Inexperiente em cargos públicos, Osório saiu-se muito bem em frente às câmeras. Durante a tempestade que paralisou a cidade em abril de 2010, passou dias seguidos em áreas de desabamento como a do Laboriaux, na Rocinha. Fosse em meio a chuvas torrenciais, enchentes ou inspeções de obras, lá estava ele dando entrevistas e falando em nome do município. Na época, era o titular da recém-criada secretaria de Conservação. Foi justamente essa capacidade que o credenciou para a pasta dos Transportes, de maior visibilidade política e estratégica, no fim de 2012. Ali, levou ao paroxismo sua destreza para manipulações midiáticas. Nos últimos meses andou de ônibus para lá e para cá, passou vans em vistoria e, não raro, assumiu a função de controlador de tráfego para orientar pessoalmente os motoristas. No sábado de Carnaval, por exemplo, encarnou um agente da CET Rio e tentou resolver a confusão provocada por carros alegóricos enguiçados ao lado do Sambódromo. Revelado o plano da Assembleia, é natural que seus adversários digam que suas ações eram apenas um modo de atrair atenção. “Ele gosta muito de aparecer”, diz o vereador Cesar Maia (DEM), um conhecido especialista no assunto.

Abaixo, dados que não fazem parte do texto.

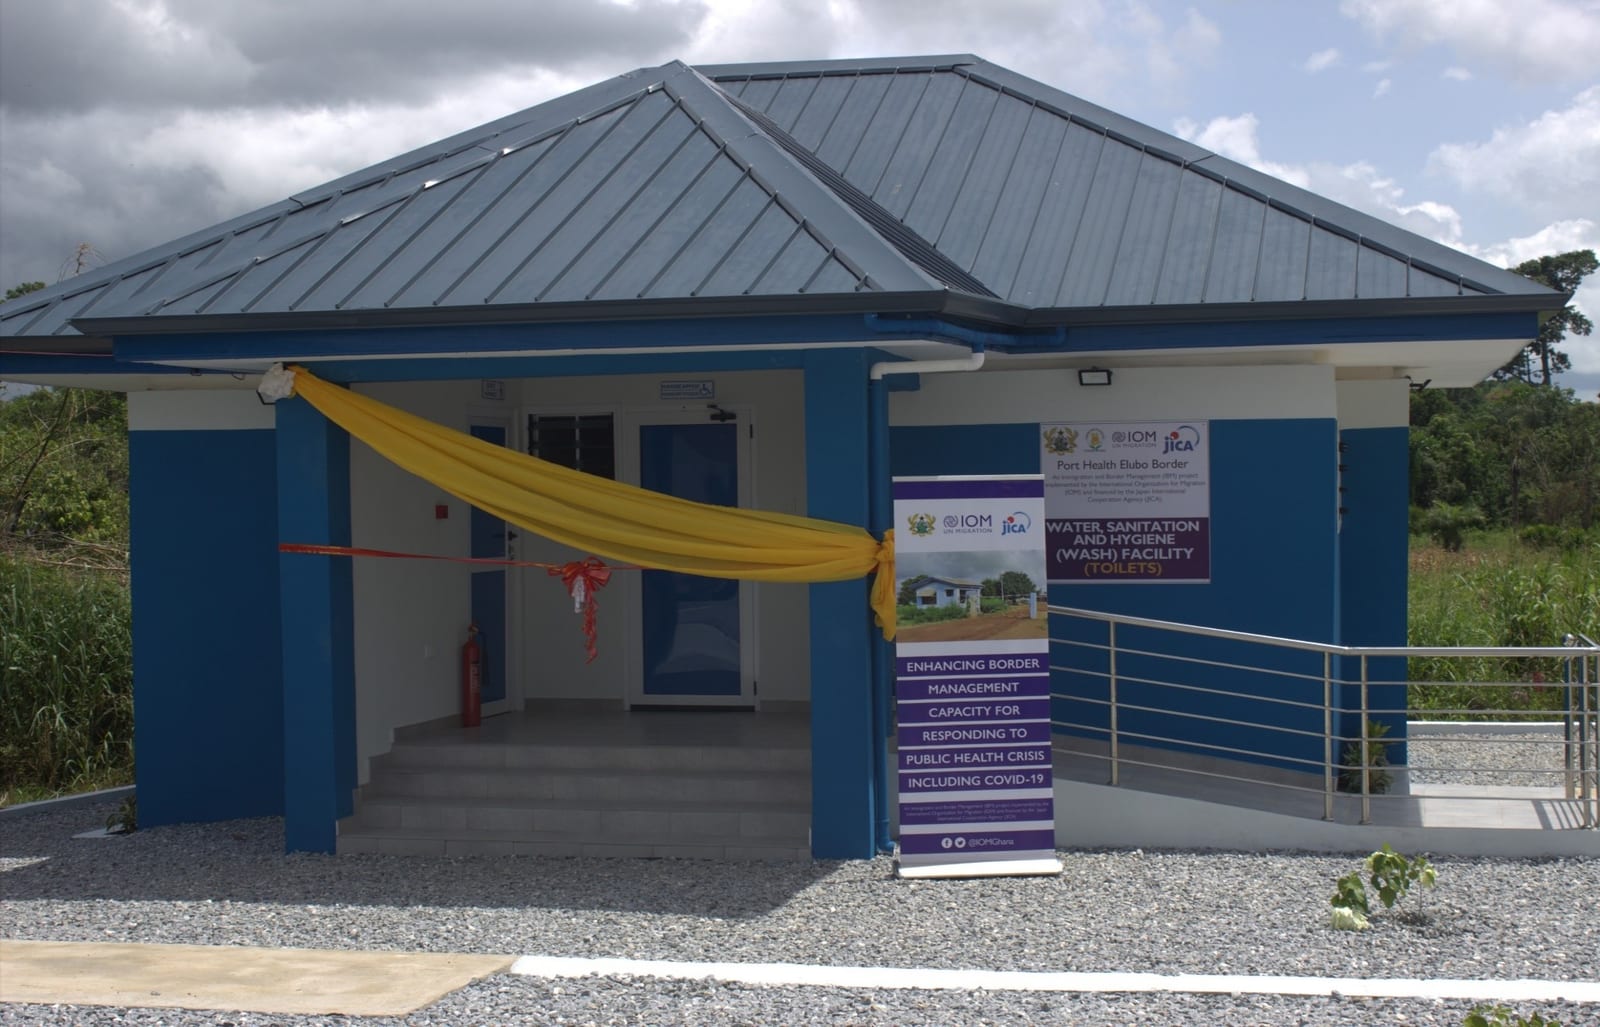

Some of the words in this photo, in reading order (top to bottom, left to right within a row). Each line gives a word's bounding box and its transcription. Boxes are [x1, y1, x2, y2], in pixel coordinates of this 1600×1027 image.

[1128, 431, 1156, 442] IOM
[1058, 460, 1080, 470] Port
[1083, 460, 1116, 470] Health
[1120, 460, 1148, 469] Elubo
[1152, 459, 1189, 469] Border
[961, 514, 992, 528] IOM
[1107, 521, 1200, 532] SANITATION
[1073, 534, 1106, 545] AND
[1110, 534, 1175, 545] HYGIENE
[1056, 548, 1117, 562] (WASH)
[1122, 548, 1194, 560] FACILITY
[1084, 562, 1162, 576] (TOILETS)
[907, 660, 985, 672] ENHANCING
[989, 659, 1040, 670] BORDER
[928, 682, 1019, 694] MANAGEMENT
[929, 706, 991, 718] CAPACITY
[995, 706, 1020, 715] FOR
[923, 729, 1006, 741] RESPONDING
[1009, 728, 1027, 738] TO
[906, 754, 950, 765] PUBLIC
[954, 752, 1004, 763] HEALTH
[1008, 751, 1045, 762] CRISIS
[908, 776, 981, 788] INCLUDING
[984, 774, 1044, 785] COVID-19
[968, 838, 1014, 847] @IOMGhana
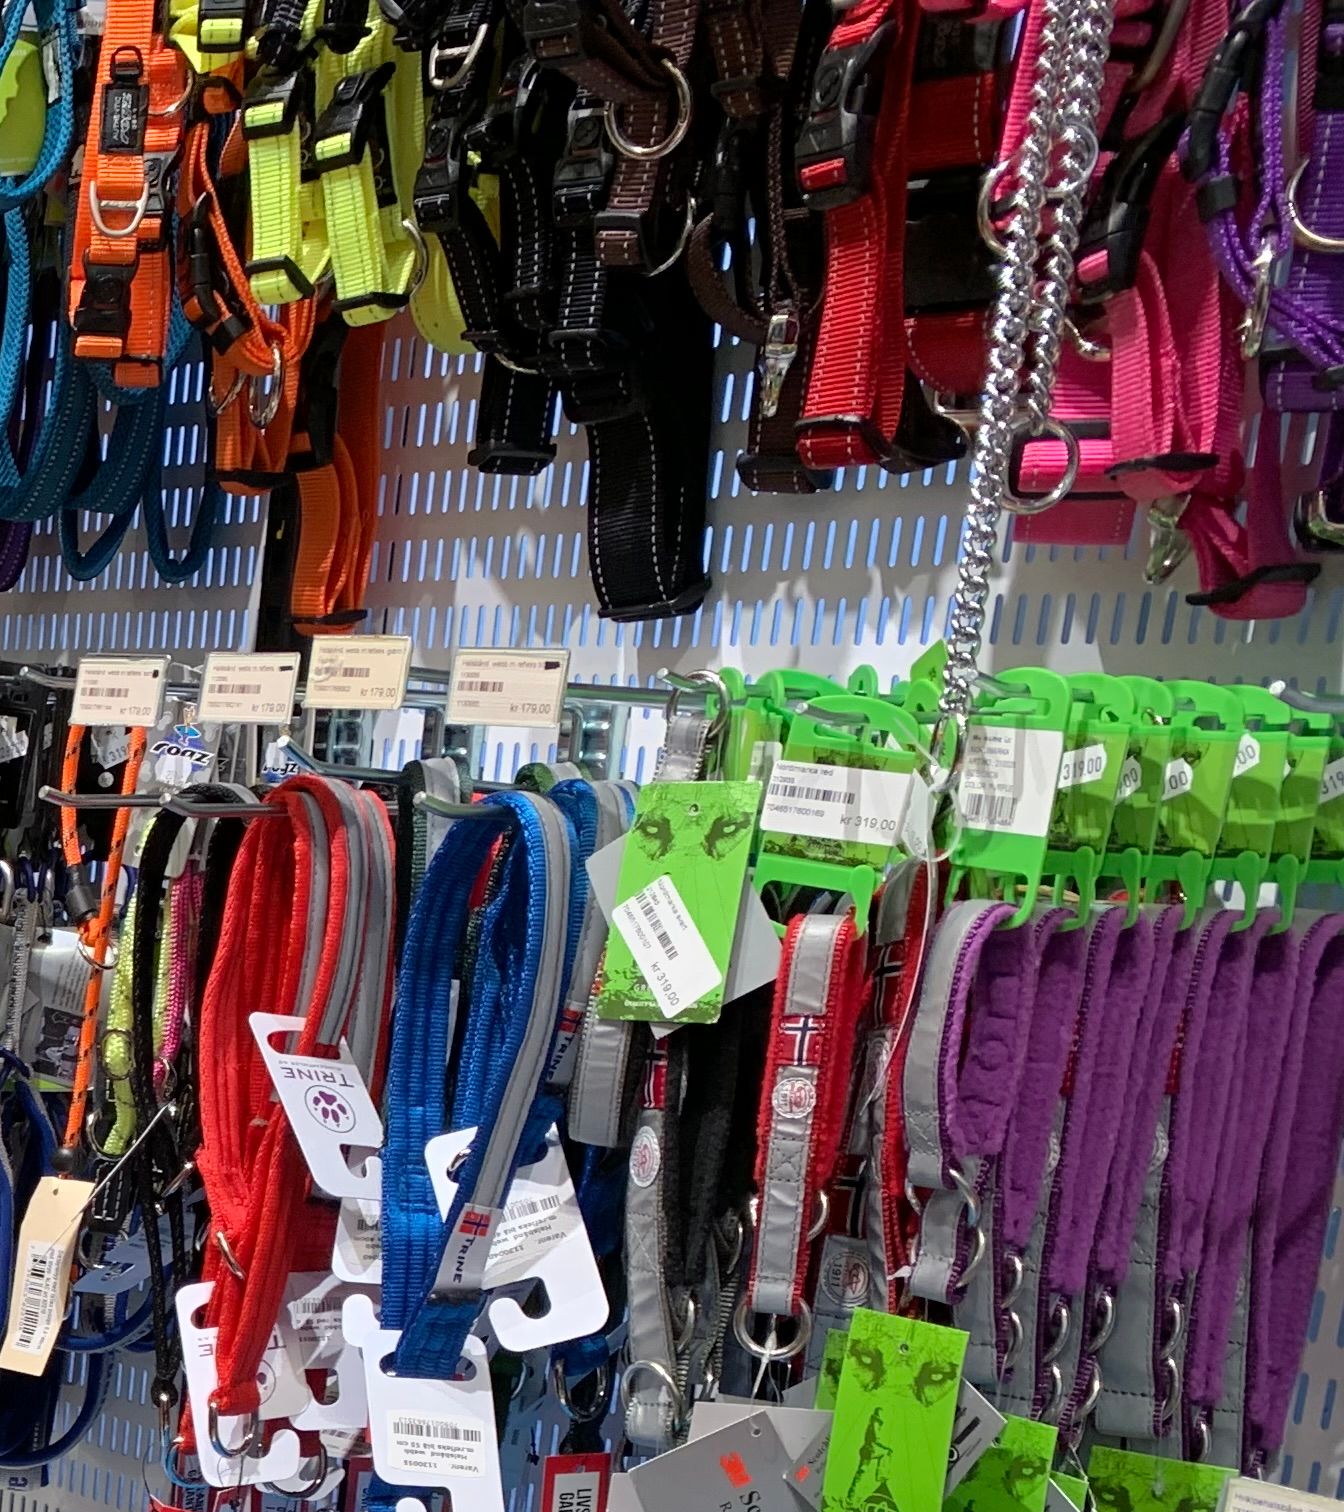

Oriundo de uma família de classe média alta de Ipanema, Osório tem 48 anos e foi casado com Anna Victoria Lemann, filha de Jorge Paulo Lemann, o homem mais rico do país, dono de uma fortuna estimada em 21 bilhões de dólares. Separados desde 2011, os dois tiveram dois filhos, Maria, de 16, e Carlos, de 18. Atualmente, o secretário mora sozinho em um apartamento em Ipanema. Nos momentos livres, reú­ne-se aos filhos e assiste aos jogos do Vasco, seu time do coração. Quando não está dando uma entrevista na TV ou apitando nos sinais da cidade, pode ser visto no boteco Paz e Amor, localizado na rua de seu prédio e ponto de encontro dos motoristas de táxi do bairro. Sorri para todos e acena efusivamente quando alguém brinca que vai votar nele. Questionado diretamente sobre a sua candidatura, Osório foi evasivo. “Estou na dúvida. Dá um frio na barriga, mas tenho considerado a decisão a sério”, tergiversou.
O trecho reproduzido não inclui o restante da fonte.